EXCERPTED RECORDS Start Marker
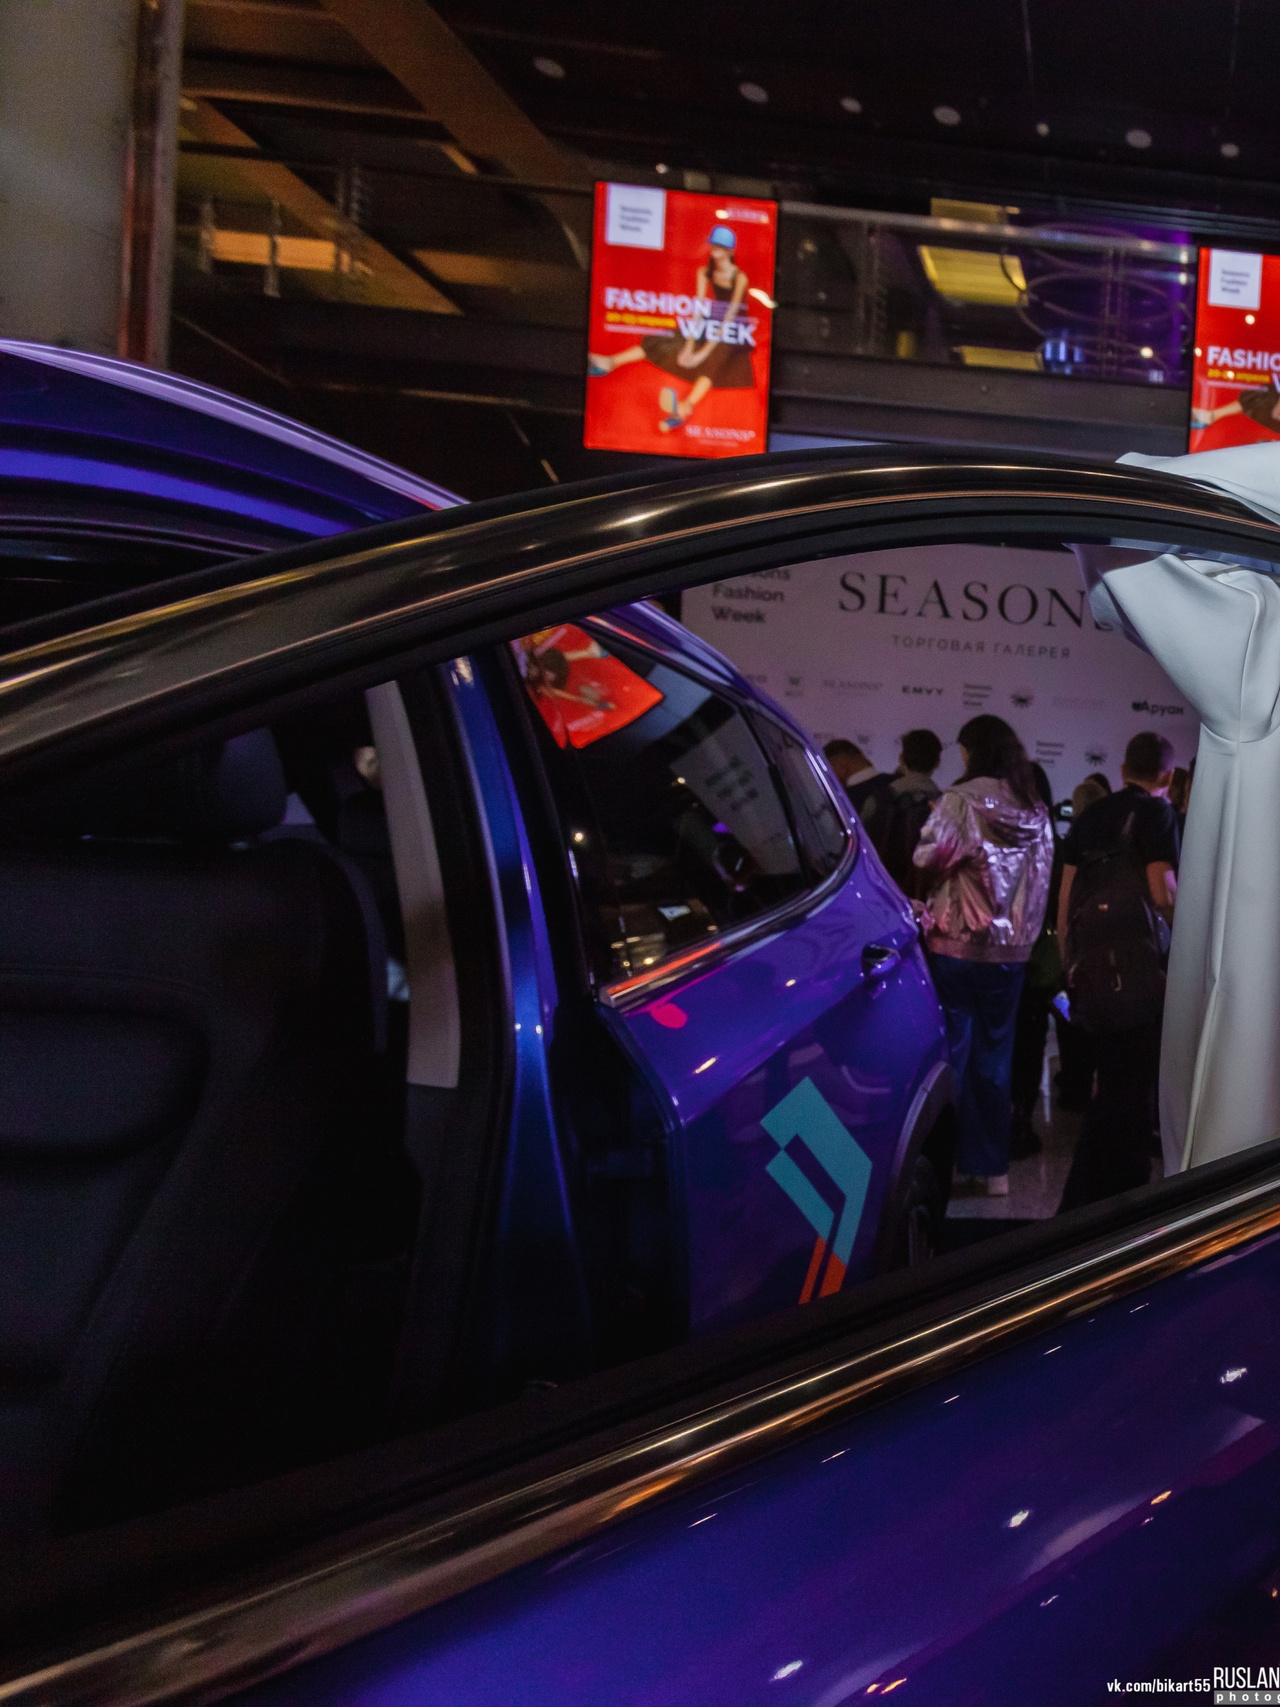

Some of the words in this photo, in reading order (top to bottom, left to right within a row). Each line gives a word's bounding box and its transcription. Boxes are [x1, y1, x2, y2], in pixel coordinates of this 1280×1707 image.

[604, 286, 713, 318] FASHION
[676, 315, 757, 347] WEEK
[712, 583, 785, 602] Fashion
[838, 570, 1115, 632] SEASON
[711, 605, 766, 624] Week
[892, 634, 985, 654] ТОРГОВАЯ
[993, 643, 1071, 659] ГАЛЕРЕЯ
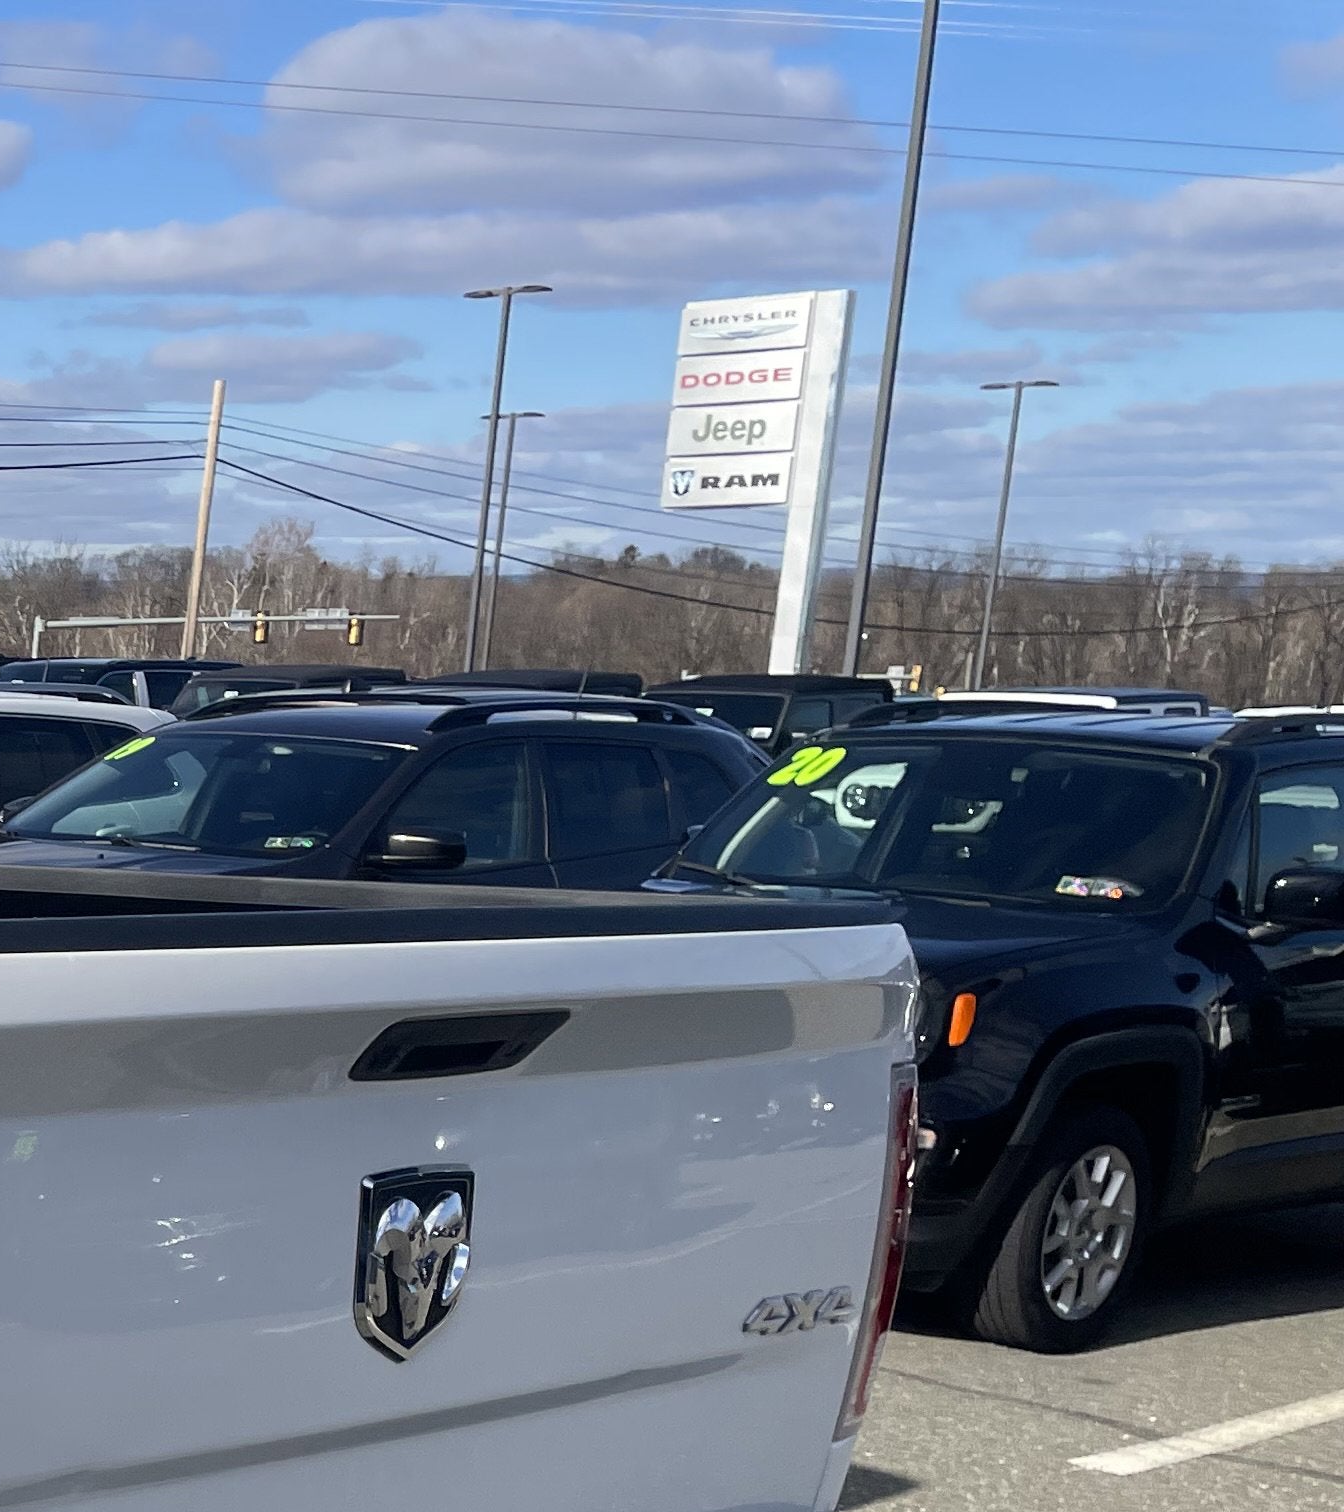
EXCERPTED RECORDS End Marker
• _GOAL OF THE EXERCISE_: A faithful copy of the records above, without images, is what to give back.

• _SOLUTION TO THE PROBLEM_:
Some of the words in this photo, in reading order (top to bottom, left to right within a row). Each line gives a word's bounding box and its transcription. Boxes are [x1, y1, x2, y2], in pixel coordinates of this 1280×1707 image.

[604, 286, 713, 318] FASHION
[676, 315, 757, 347] WEEK
[712, 583, 785, 602] Fashion
[838, 570, 1115, 632] SEASON
[711, 605, 766, 624] Week
[892, 634, 985, 654] ТОРГОВАЯ
[993, 643, 1071, 659] ГАЛЕРЕЯ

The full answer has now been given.